Info (please complete the following information):

  • MMLSpark Version: from latest repo
  • Spark Version 2.4.4
  • Spark Platform: custom platform not on azure

** Stacktrace**

ModuleNotFoundError                       Traceback (most recent call last)
<ipython-input-9-1b16cbc5ea7e> in <module>
      5             .config("spark.jars.packages", "com.microsoft.ml.spark:mmlspark_2.11:1.0.0-rc1") \
      6             .getOrCreate()
----> 7 from mmlspark.lightgbm import LightGBMClassifier
      8 model = LightGBMClassifier(learningRate=0.3,
      9                            numIterations=100,

/mnt/user-home/git/mmlspark/src/main/python/mmlspark/lightgbm/LightGBMClassifier.py in <module>
      9     basestring = str
     10 
---> 11 from mmlspark.lightgbm._LightGBMClassifier import _LightGBMClassifier
     12 from mmlspark.lightgbm._LightGBMClassifier import _LightGBMClassificationModel
     13 from pyspark import SparkContext

ModuleNotFoundError: No module named 'mmlspark.lightgbm._LightGBMClassifier'

Additional context I tried this on Jupyter on a Linux machine. Does this only work on Azure?

goodwanghan avatar Oct 17 '19 23:10 goodwanghan

👋 Thanks for opening your first issue here! If you're reporting a 🐞 bug, please make sure you include steps to reproduce it.

welcome[bot] avatar Oct 17 '19 23:10 welcome[bot]

@goodwanghan sorry about the trouble you are having. You need to run the autogen to autogenerate the wrappers, _LightGBMClassifier is automatically generated from the scala API. " I tried this on Jupyter on a Linux machine. Does this only work on Azure?" LightGBM is open source and works anywhere, linux, windows, macos. The mmlspark integration can be run anywhere, Azure, Cloudera, AWS, etc. If it's not running somewhere then that's unexpected and probably a bug.

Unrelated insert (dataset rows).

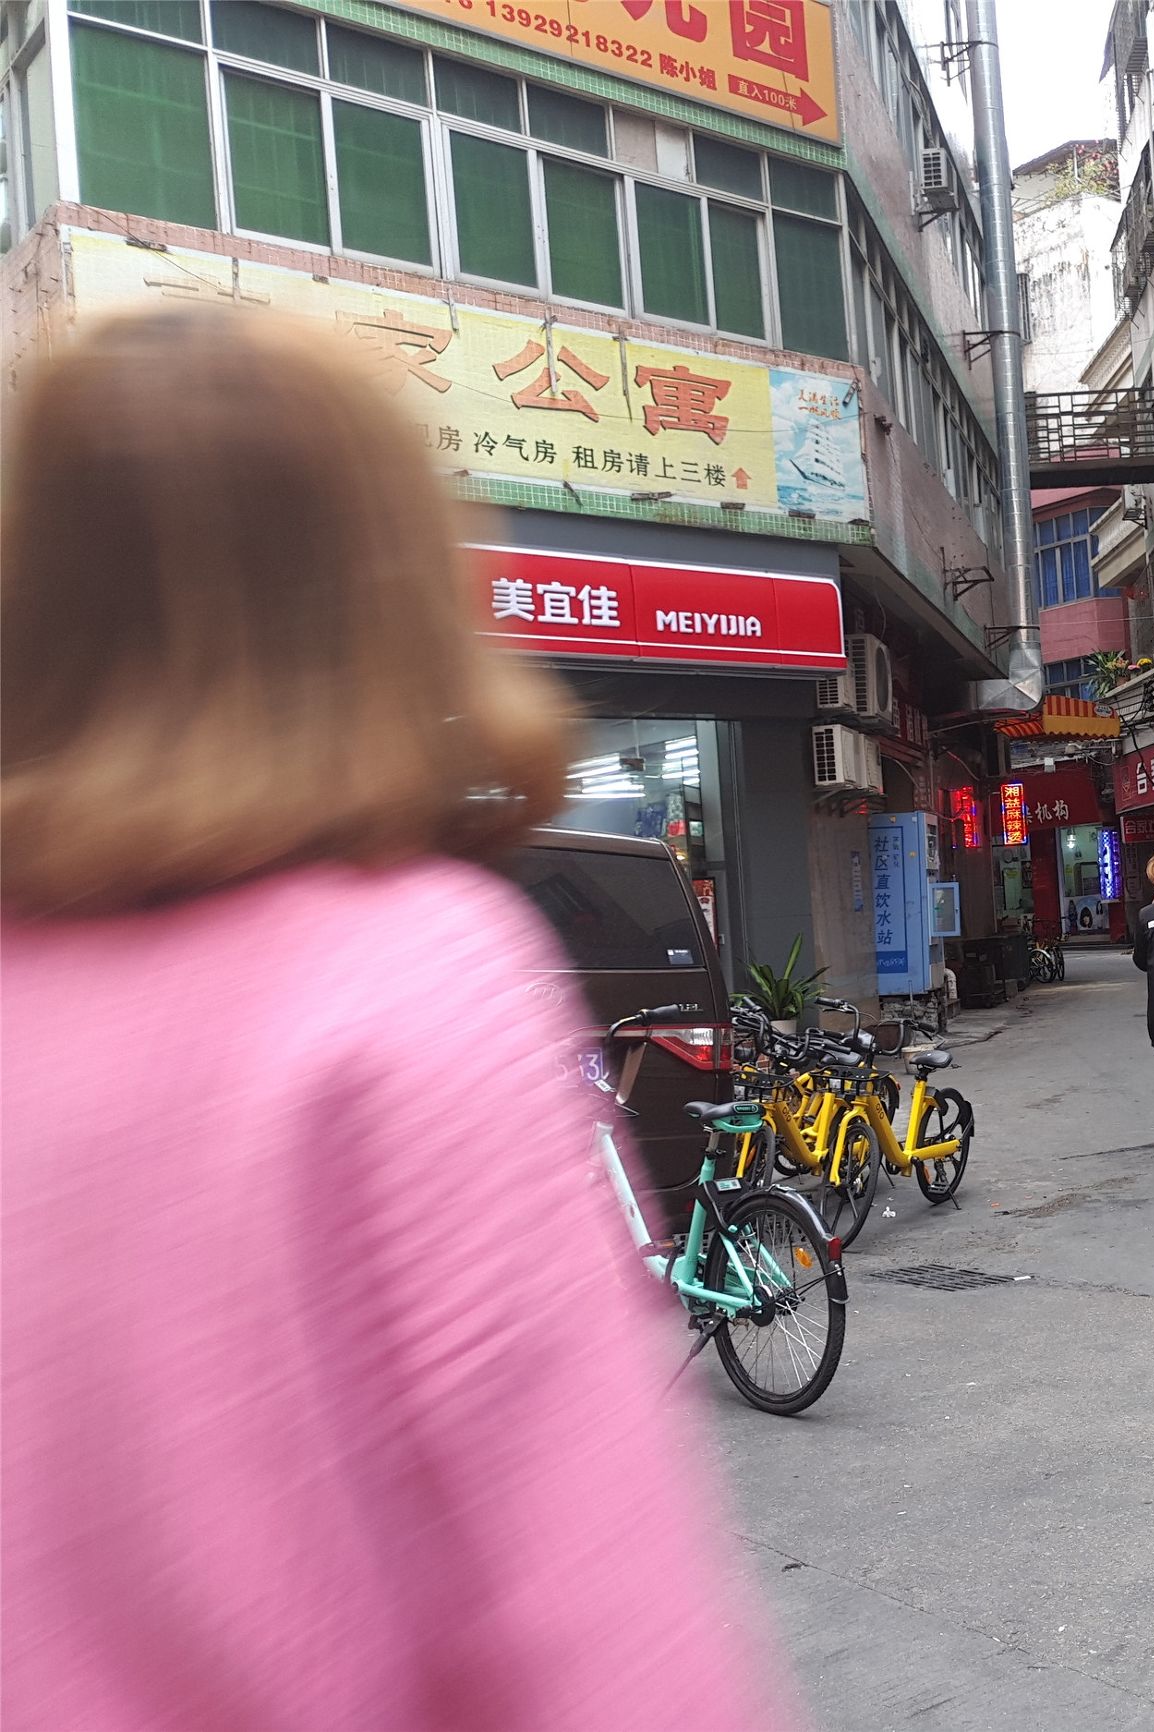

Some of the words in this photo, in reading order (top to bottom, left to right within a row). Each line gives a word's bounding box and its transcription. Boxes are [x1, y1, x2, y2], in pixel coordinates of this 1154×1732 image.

[486, 0, 653, 68] 13929218322
[659, 53, 718, 91] 陈小姐
[736, 80, 798, 111] 直入100米
[143, 275, 733, 446] 家公寓
[473, 431, 558, 465] 冷气房
[572, 445, 727, 488] 租房请上三楼
[491, 577, 621, 627] 美宜佳
[655, 609, 762, 637] MEIYIJIA
[874, 836, 893, 945] 社区直饮水站
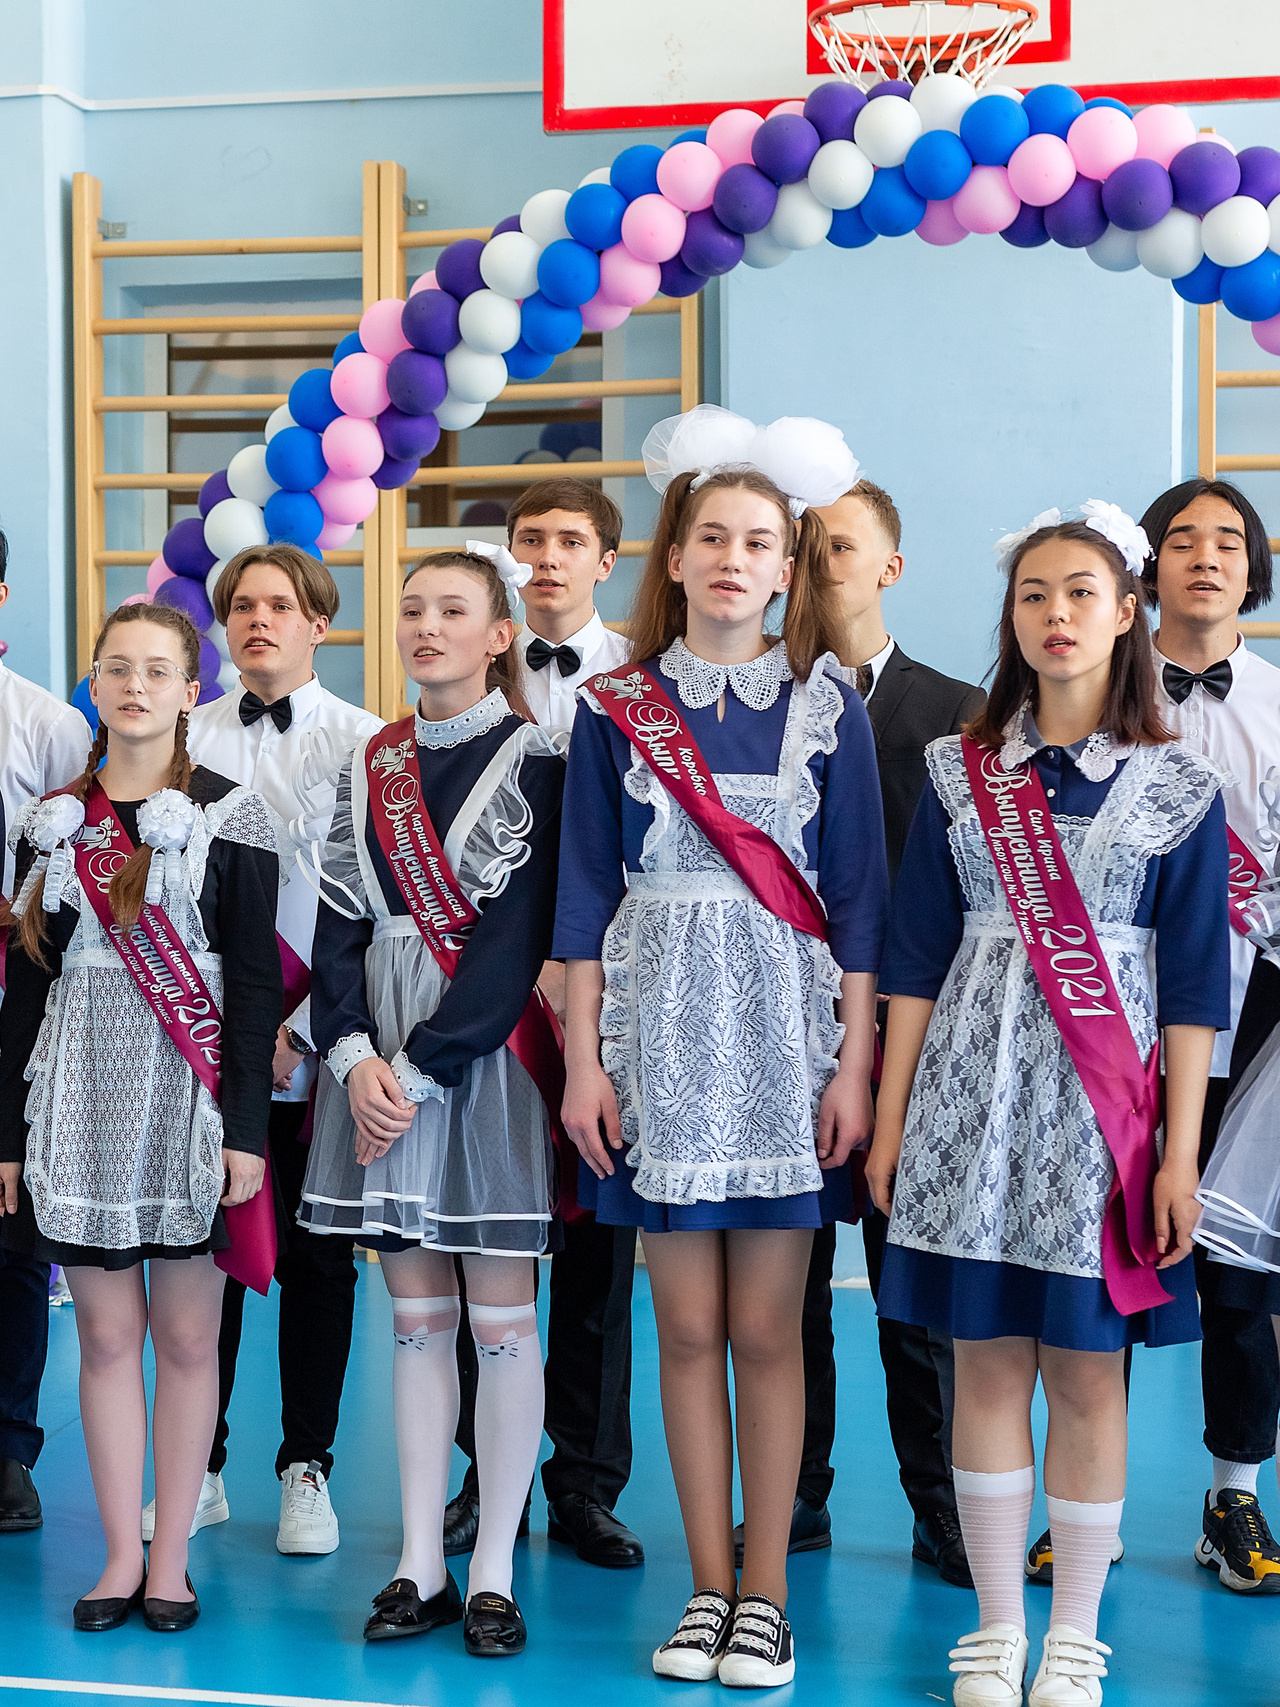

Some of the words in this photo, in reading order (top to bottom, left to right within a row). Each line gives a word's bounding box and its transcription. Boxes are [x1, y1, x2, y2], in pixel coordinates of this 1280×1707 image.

[381, 772, 451, 931] Выпускница
[411, 813, 432, 854] Ларина
[426, 855, 467, 919] Анастасия
[991, 839, 1009, 863] МБОУ
[1000, 863, 1015, 883] СОШ
[1027, 808, 1045, 836] Сим
[1037, 837, 1062, 882] Ирина
[392, 861, 407, 882] МБОУ
[402, 882, 415, 899] СОШ
[980, 750, 1055, 924] Выпускница
[1038, 924, 1117, 1018] 2021
[127, 955, 143, 973] СОШ
[168, 949, 201, 995] Наталья

imatiach-msft avatar Oct 21 '19 04:10 imatiach-msft

@imatiach-msft Instead of generating the wrappers, because of restrictions on my business laptop, I usually extracted the wrappers from the JAR package that I got through maven. The problem is that for version 1.0-rc1 I can't download the file (while it worked fine for version 0.18.x). See https://github.com/Azure/mmlspark/issues/715#issuecomment-544462083

Also, if I look here https://search.maven.org/search?q=g:com.microsoft.ml.spark the last version is 0.18.1. Why can't I find version 1.0-rc1?

Thank you

candalfigomoro avatar Oct 22 '19 07:10 candalfigomoro

@candalfigomoro see the fix i posted in #715 apologize for the confusion!

mhamilton723 avatar Oct 26 '19 03:10 mhamilton723

facing similar issue with the LightGBMRegressor module as well. mmlspark : 0.17 pyspark : 2.4.4 Scala: 2.11.12

arijeetm1 avatar Feb 04 '20 19:02 arijeetm1

Looks like in version 0.17, the name has changed from mmlspark.lightgbm to specific module name repeated. It worked for me by using: from mmlspark.LightGBMRegressor import LightGBMRegressor Please update the sample in the documentation.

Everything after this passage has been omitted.